Fährt man in der Schweiz denn pro Einwohner weniger Auto als in Deutschland? Wie wird das erreicht?
Ich denke schon. Es ist zum Beispiel nicht zulässig, neue Kinos, Einkaufszentren etc. mit vielen Gratisparkplätzen auszustatten. Die Anzahl der Parkplätze muß deutlich kleiner sein, als z.B. die Anzahl der Plätze in dem Kino. Und es muß eine Anbindung an öffentliche Verkehrsmittel sichergestellt werden. Ein Kino am Stadtrand von Schaffhausen finanziert deshalb eine Buslinie, die zu den passenden Zeiten Anschluß an das restliche Netz herstellt. Sie geben auch einen Rabatt auf den Eintritt, wenn man mit diesem Bus gekommen ist. In Zürich ist zwischen den politischen Parteien in einem Kompromißvorschlag vereinbart worden, daß die Anzahl der Parkplätze gleich bleibt. Als ein neues Parkhaus eingeweiht wurde, durften die Plätze darin erst in dem Maße freigegeben werden, wie dieselbe Anzahl Parkplätze am Straßenrand oder in anderen Parkhäusern beseitigt wurde. Und es gibt ein Bundesparkverbot. Parken ist nur dort erlaubt, wo es explizit gestattet wird oder wo regionale oder kantonale Regelungen generell das Parken erlauben. Wenn man ein Auto anmelden will, muß man dafür Garage, Parkplatz oder so etwas mieten oder eine Bewilligung für das nächtliche Parken auf öffentlichem Grund erwerben. Das Parken ist also wohl zur Zeit der limitierende Faktor.
Was den MIV als Hobby betrifft, ist in der Schweiz das Rasen auf Autobahnen verboten (Tempo max 120) und es gibt im Gegensatz zu Deutschland ernsthafte Strafen, wenn man die Geschwindigkeitsbeschränkung überschreitet. Außerorts sind generell nur 80 km/h zugelassen (und selten explizit mehr). Innerorts gilt genau wie in Deutschland implizit Tempo 50, aber über die Hälfte des Straßennetzes dürfte Tempo30-Zonen sein.

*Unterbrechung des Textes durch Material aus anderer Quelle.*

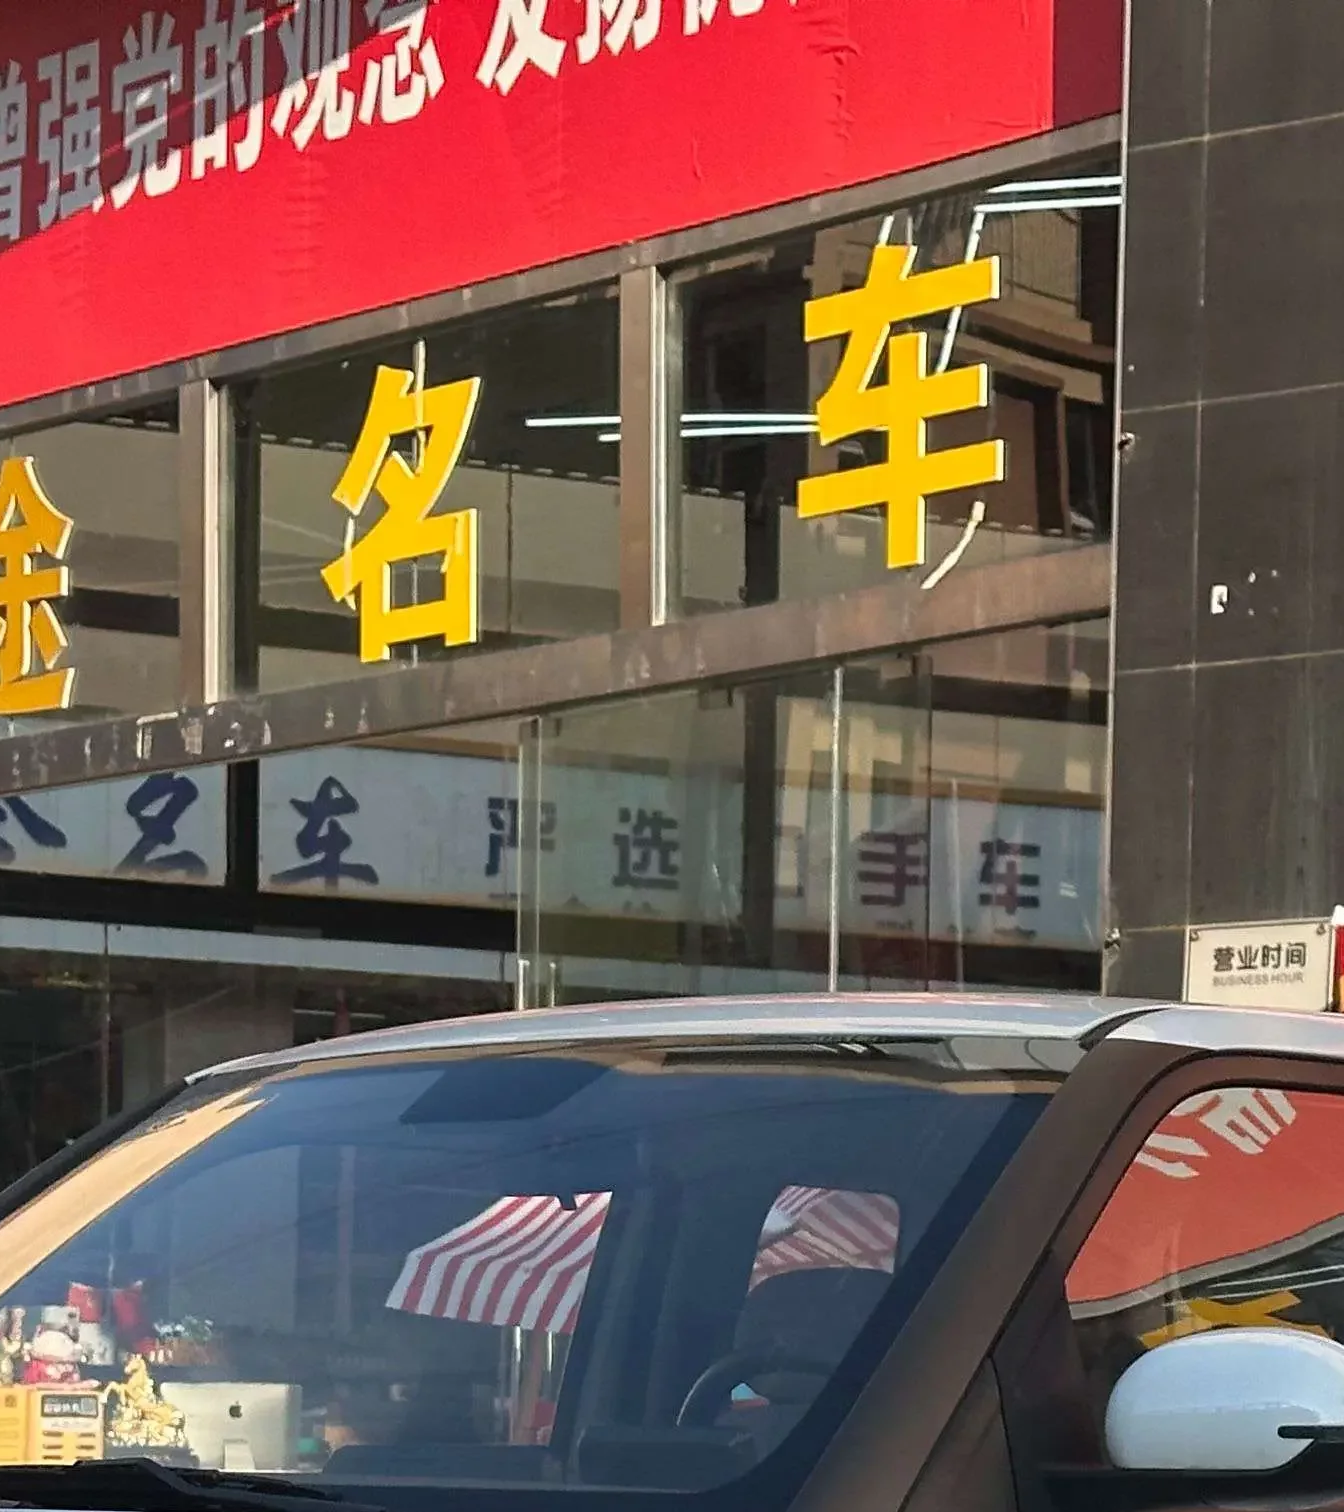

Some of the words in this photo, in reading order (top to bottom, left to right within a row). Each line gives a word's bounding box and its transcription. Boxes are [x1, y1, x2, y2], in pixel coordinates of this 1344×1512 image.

Sicher werden mehr Wege mit öffentlichen Verkehrsmitteln zurückgelegt. Das ist bei unseren südlichen Nachbarn vielleicht etwas mehr Tradition. Für die Bahn kann man sagen, daß pro Jahr und Einwohner ca. 2-3 mal so viele km gefahren werden. Weiß die neuesten Zahlen gerade nicht. Für den ÖPNV kann ich Schaffhausen mit etwa gleich großen deutschen Städten vergleichen. Orte mit 30'000-40'000 Einwohnern haben nach meiner Erfahrung in Deutschland minimalen ÖPNV, also ein paar sporadisch verkehrende Linien. Aber 10min-Takt, teilweise mit Gelenkbussen und 30 % Anteil des ÖPNV am Modal-Split sind mir von Städten dieser Größe sonst nicht bekannt.
Der Anteil des Fahrradverkehrs ist ungefähr gleich hoch wie in Deutschland. Aber die Großstädte sind im Durchschnitt viel fahrradfreundlicher als deutsche Großstädte. Es gibt weniger Radwege und man kann viele Straßen einfach auf der Fahrbahn befahren, wo in Deutschland eher ein Verbot stünde.
Zusammenfassend gesagt: Es ist vieles sehr ähnlich wie in Deutschland, aber ein paar Dinge im Verkehrsbereich sind ein kleines bißchen besser und man muß sich nicht ganz so viel ärgern wie in Deutschland.